Sonnet 61 is one of 154 sonnets written by the English playwright and poet William Shakespeare. It is a member of the Fair Youth sequence, in which the poet expresses his love towards a young man.

==Structure==
Sonnet 61 is an English or Shakespearean sonnet, containing three quatrains followed by a final rhyming couplet. It follows the form's typical rhyme scheme, ABAB CDCD EFEF GG, and is composed in iambic pentameter, a type of poetic metre based on five pairs of metrically weak/strong syllabic positions. The seventh line exemplifies a regular iambic pentameter:
  × / × / × / × / × /
 To find out shames and idle hours in me, (61.7)
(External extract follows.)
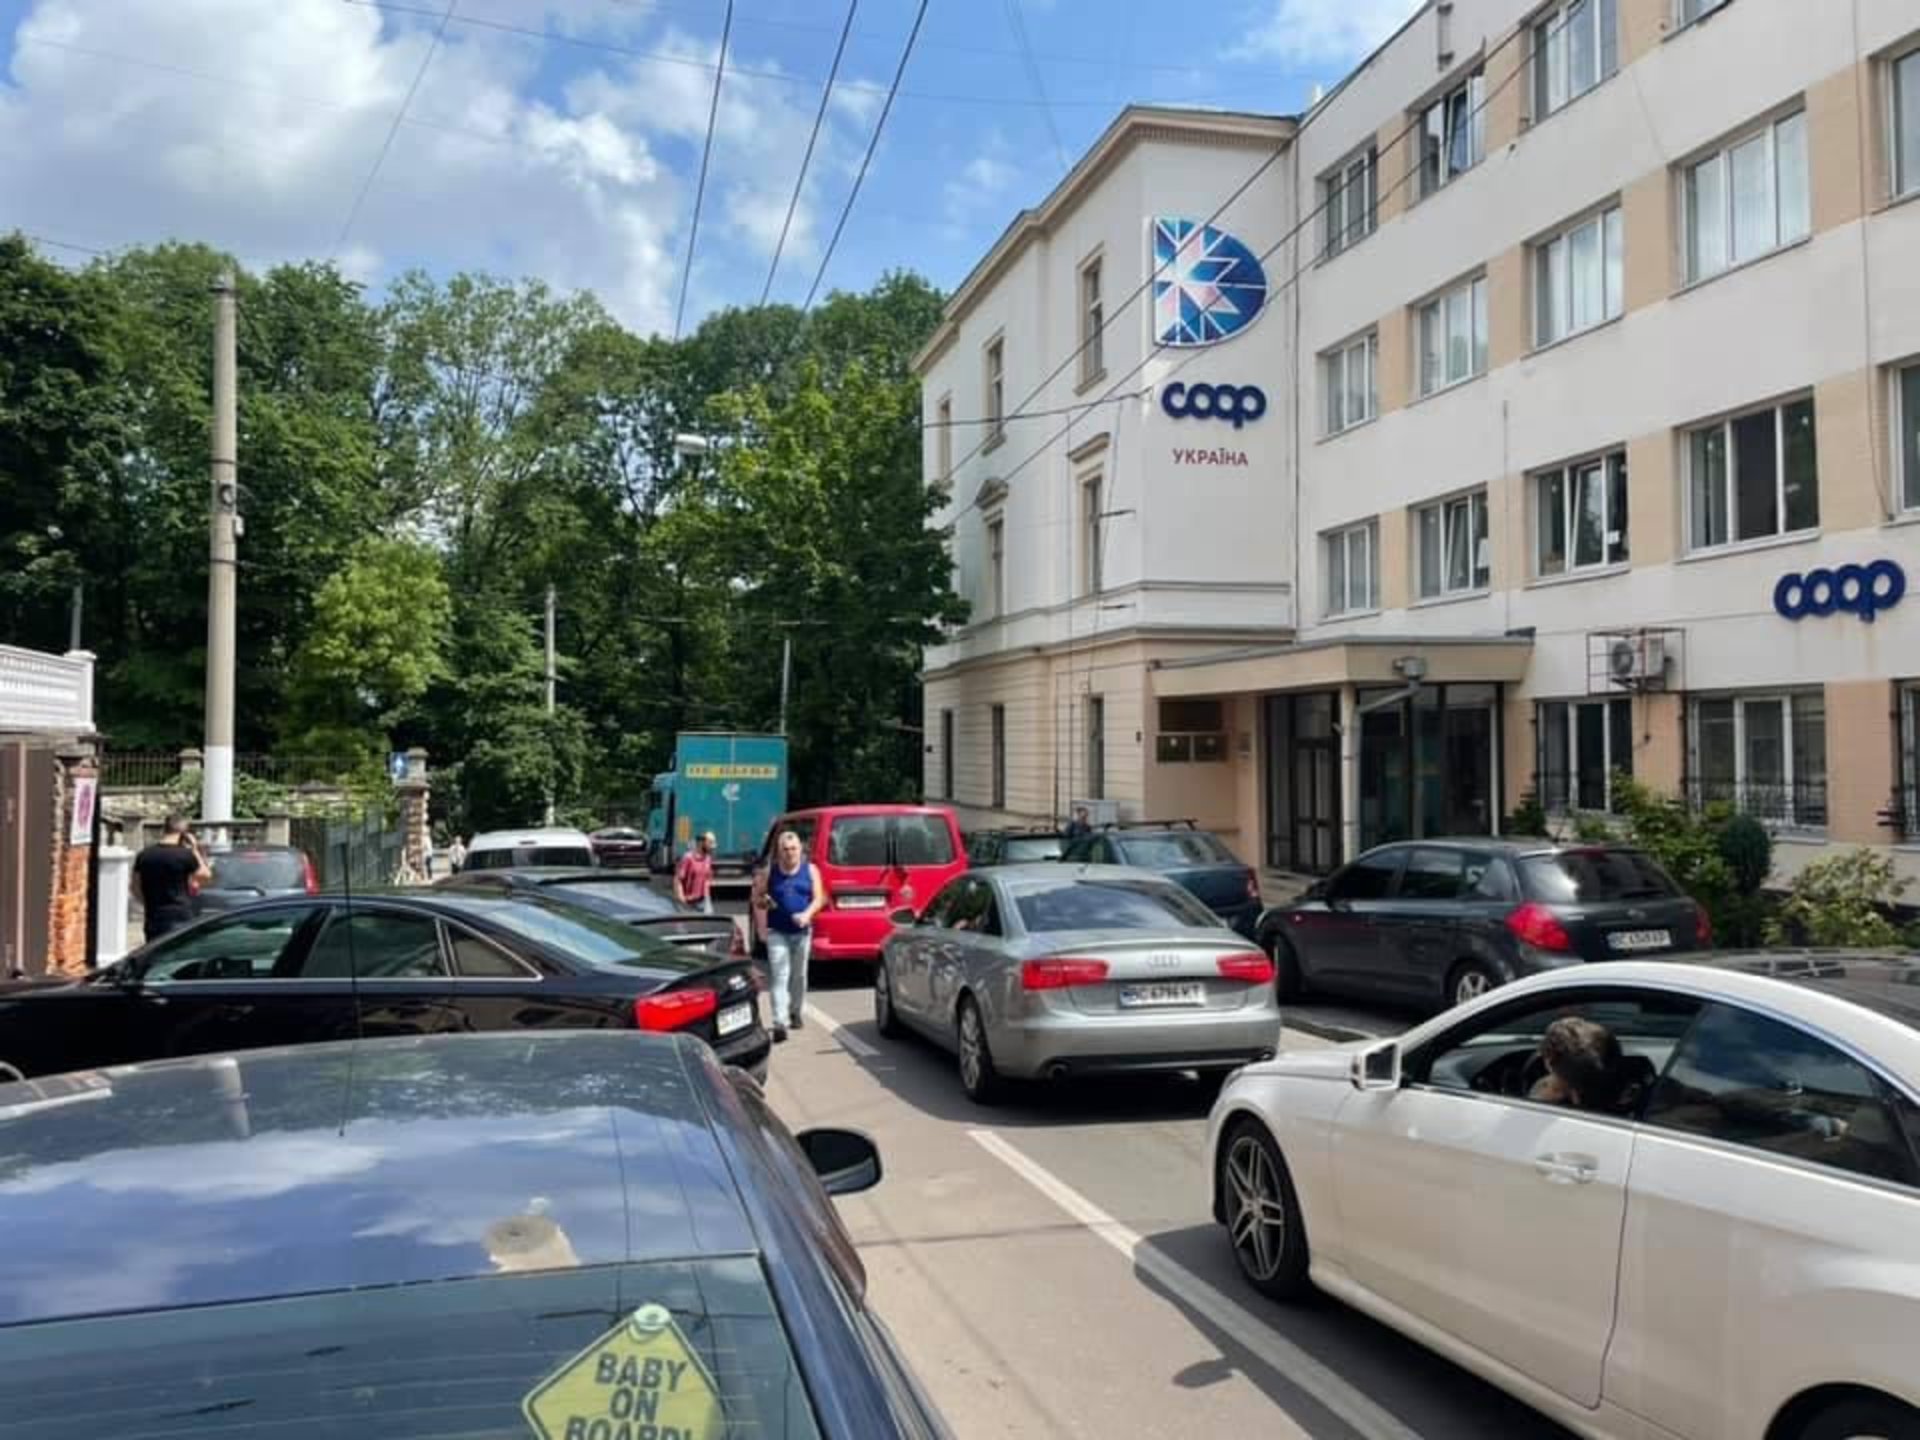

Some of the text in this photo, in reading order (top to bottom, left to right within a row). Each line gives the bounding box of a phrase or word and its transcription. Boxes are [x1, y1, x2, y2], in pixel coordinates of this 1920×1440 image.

[1172, 447, 1249, 466] УКРАЇНА
[594, 1351, 688, 1392] BABY
[611, 1387, 659, 1422] ON
The first and third lines have a final extrameterical syllable or feminine ending:
  × / × / × / × / × /(×)
 Dost thou desire my slumbers should be broken, (61.3)
/ = ictus, a metrically strong syllabic position. × = nonictus. (×) = extrametrical syllable.

Although many rhymes in the sonnets are imperfect in today's pronunciation, they were almost all perfect (or at least potentially so) in Shakespeare's day. The a rhymes, "open" and "broken" constitute a rare instance of an imperfect rhyme in the Sonnets, though the same rhyme occurs in Venus and Adonis lines 47 and 48.